The effects of task difficulty, novelty and the size of the search space on intrinsically motivated exploration

Affiliations

The effects of task difficulty, novelty and the size of the search space on intrinsically motivated exploration

Adrien F Baranes et al. Front Neurosci. .

Abstract

Devising efficient strategies for exploration in large open-ended spaces is one of the most difficult computational problems of intelligent organisms. Because the available rewards are ambiguous or unknown during the exploratory phase, subjects must act in intrinsically motivated fashion. However, a vast majority of behavioral and neural studies to date have focused on decision making in reward-based tasks, and the rules guiding intrinsically motivated exploration remain largely unknown. To examine this question we developed a paradigm for systematically testing the choices of human observers in a free play context. Adult subjects played a series of short computer games of variable difficulty, and freely choose which game they wished to sample without external guidance or physical rewards. Subjects performed the task in three distinct conditions where they sampled from a small or a large choice set (7 vs. 64 possible levels of difficulty), and where they did or did not have the possibility to sample new games at a constant level of difficulty. We show that despite the absence of external constraints, the subjects spontaneously adopted a structured exploration strategy whereby they (1) started with easier games and progressed to more difficult games, (2) sampled the entire choice set including extremely difficult games that could not be learnt, (3) repeated moderately and high difficulty games much more frequently than was predicted by chance, and (4) had higher repetition rates and chose higher speeds if they could generate new sequences at a constant level of difficulty.
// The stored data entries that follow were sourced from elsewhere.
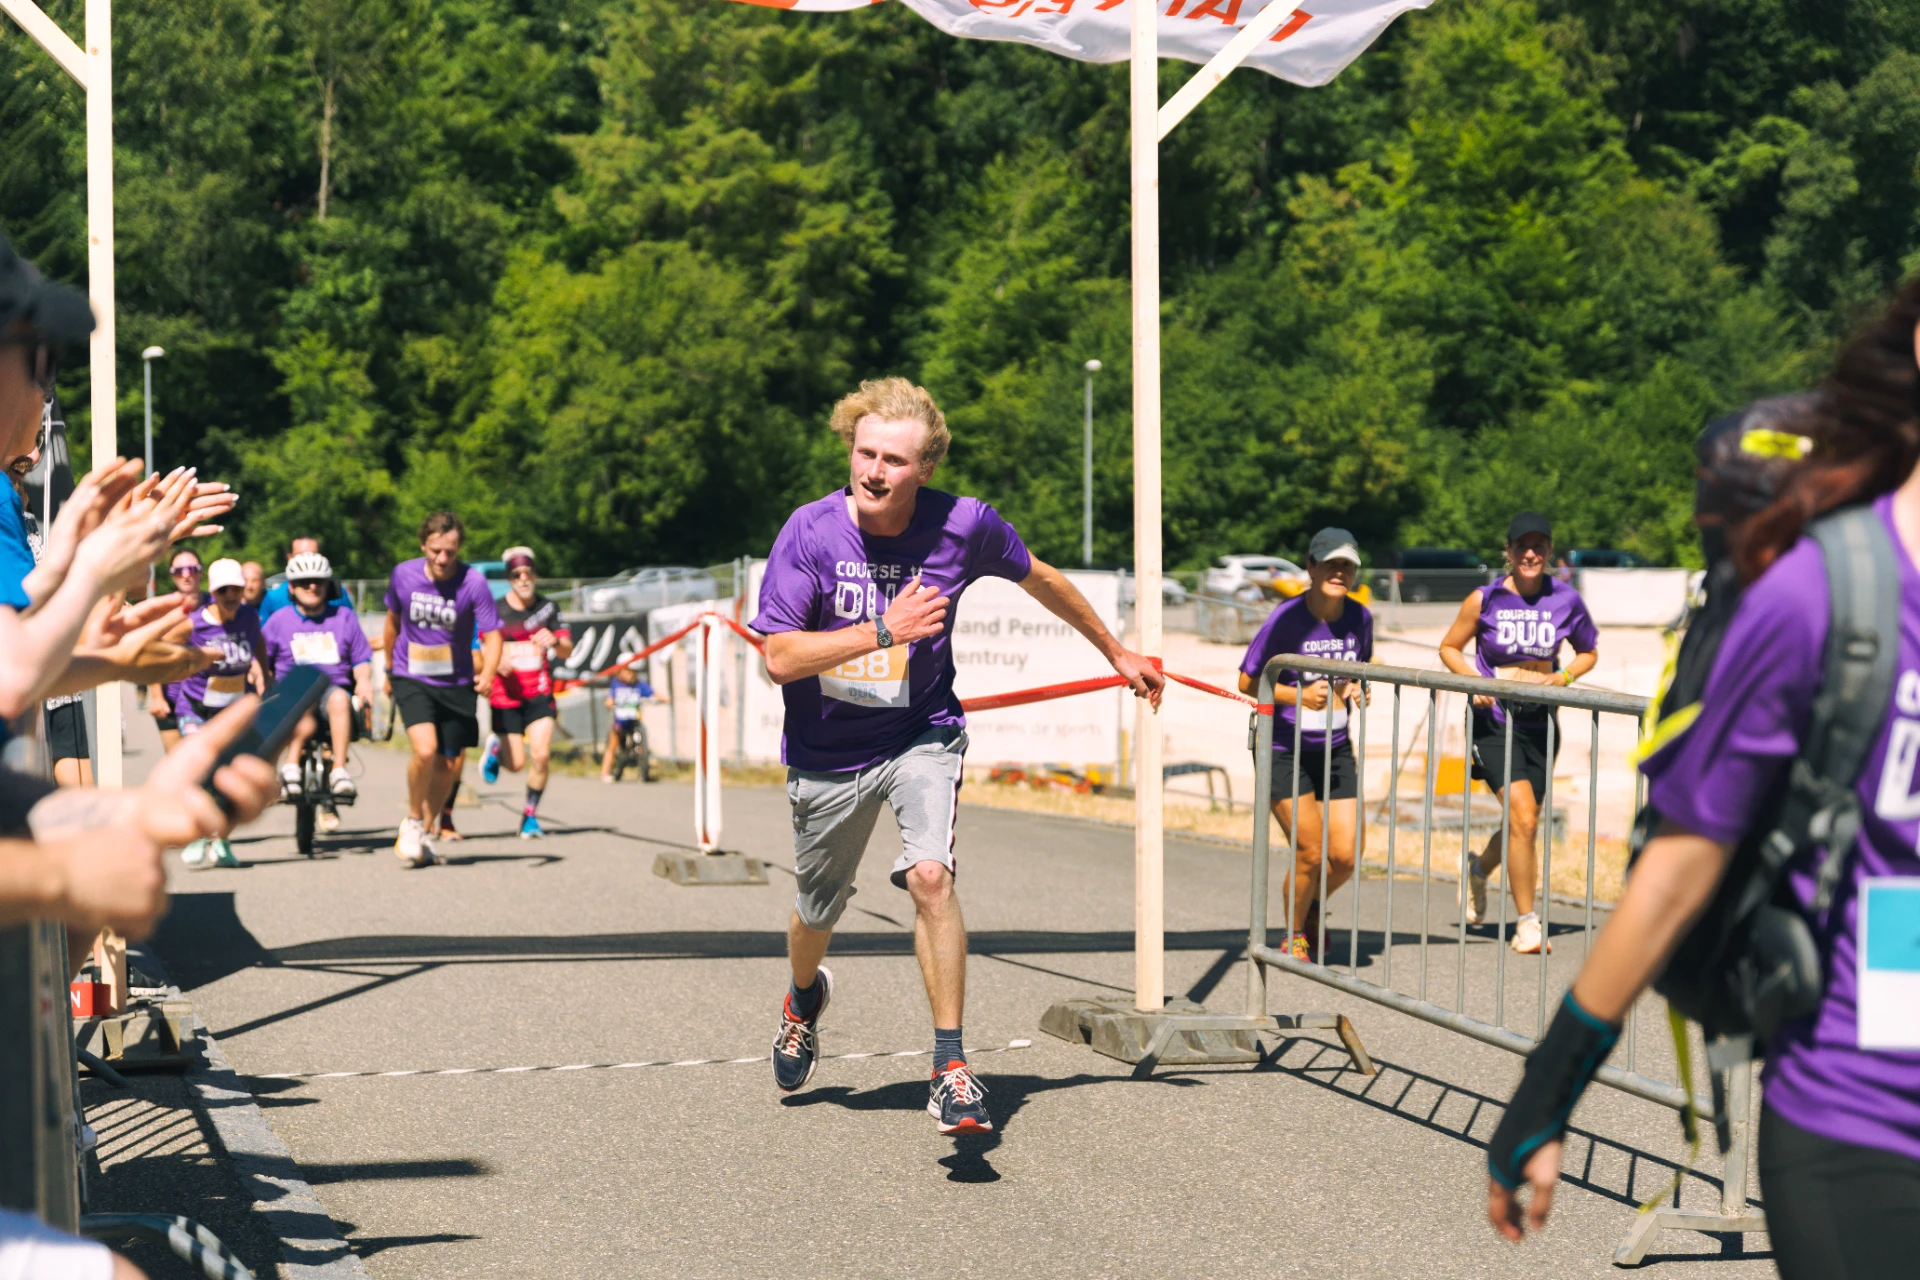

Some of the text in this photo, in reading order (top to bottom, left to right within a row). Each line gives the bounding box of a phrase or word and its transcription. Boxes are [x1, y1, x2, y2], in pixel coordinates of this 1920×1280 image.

[836, 561, 901, 579] COURSE
[834, 581, 926, 621] DU
[410, 601, 457, 626] DUO
[1496, 609, 1539, 621] COURSE
[1009, 618, 1074, 637] Perrin
[1496, 621, 1556, 648] DUO
[1303, 639, 1344, 652] COURSE
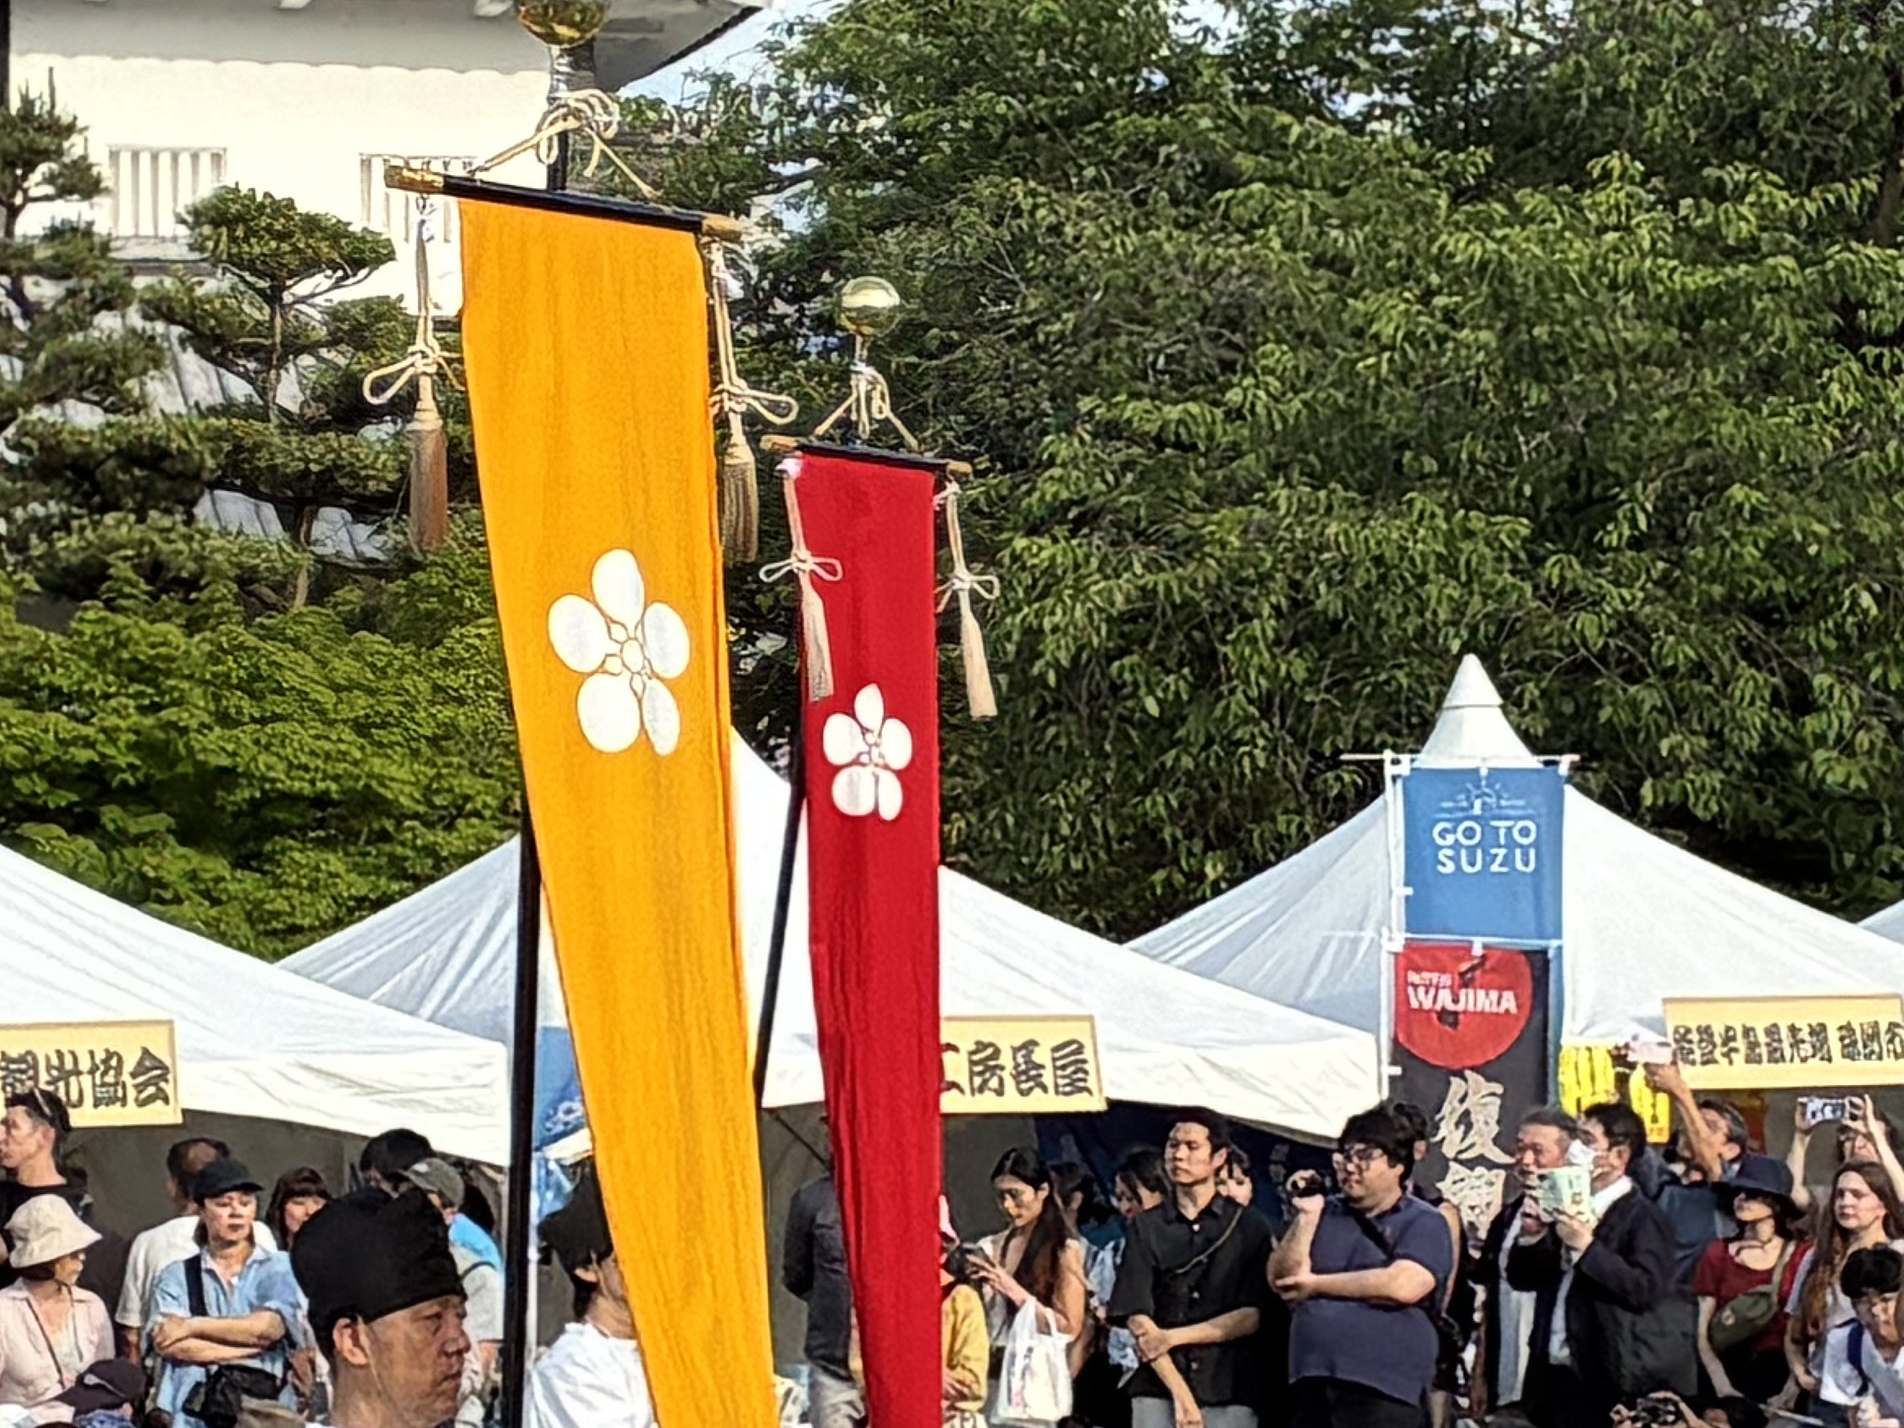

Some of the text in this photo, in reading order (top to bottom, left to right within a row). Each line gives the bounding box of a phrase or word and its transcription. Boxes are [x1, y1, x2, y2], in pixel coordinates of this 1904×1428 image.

[1432, 820, 1537, 846] GO TO
[1436, 848, 1536, 874] SUZU
[1407, 985, 1518, 1015] WAJIMA
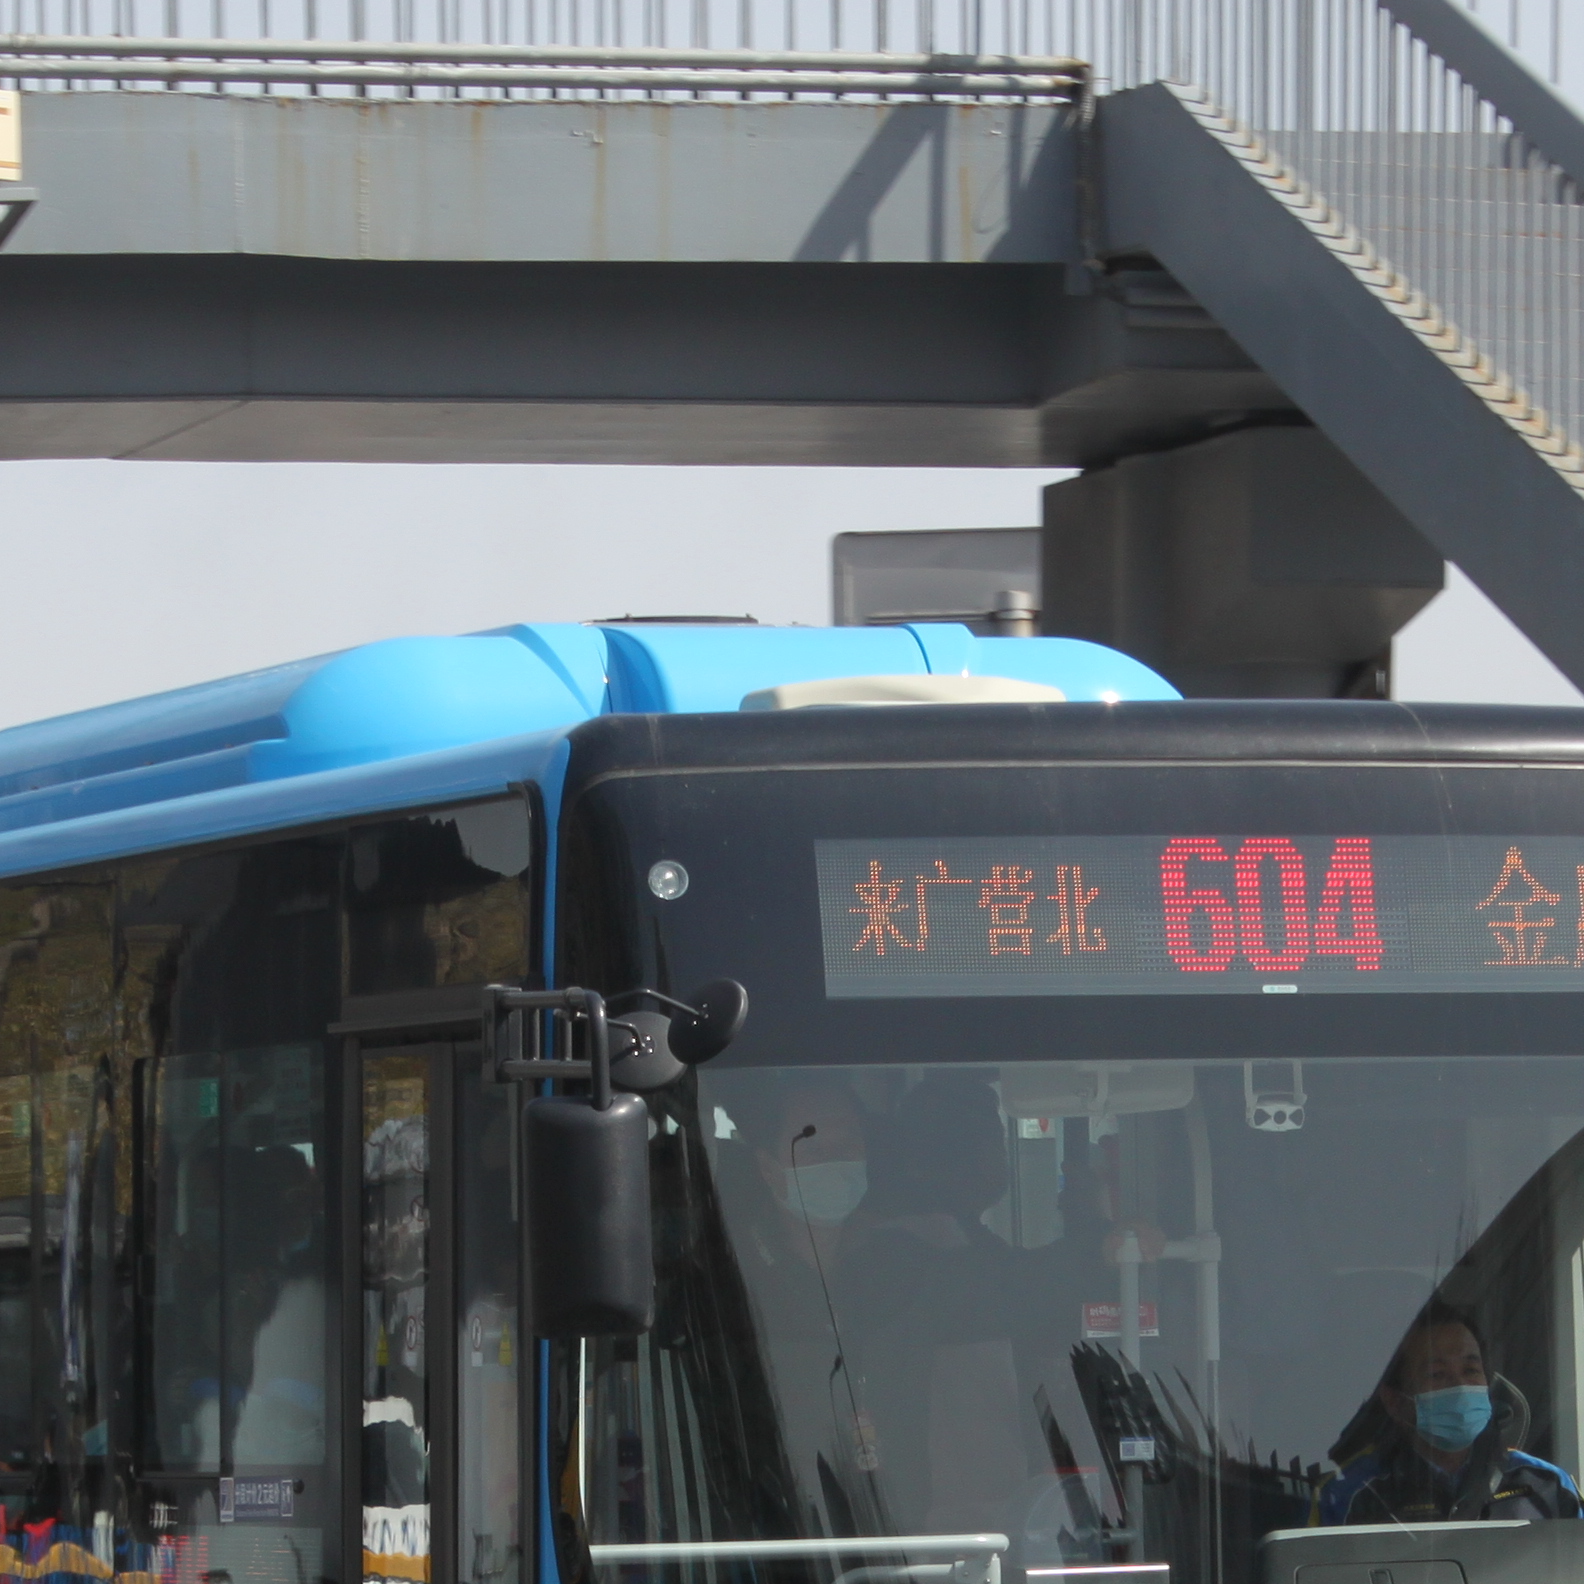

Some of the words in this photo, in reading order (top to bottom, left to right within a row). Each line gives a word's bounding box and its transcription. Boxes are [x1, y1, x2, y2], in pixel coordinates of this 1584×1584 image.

[848, 859, 1107, 956] 来广营北
[1160, 837, 1384, 972] 604
The results suggest that intrinsically motivated exploration is shaped by several factors including task difficulty, novelty and the size of the choice set, and these come into play to serve two internal goals-maximize the subjects' knowledge of the available tasks (exploring the limits of the task set), and maximize their competence (performance and skills) across the task set.

Keywords: decision making; exploration; intrinsic motivation; novelty; video games.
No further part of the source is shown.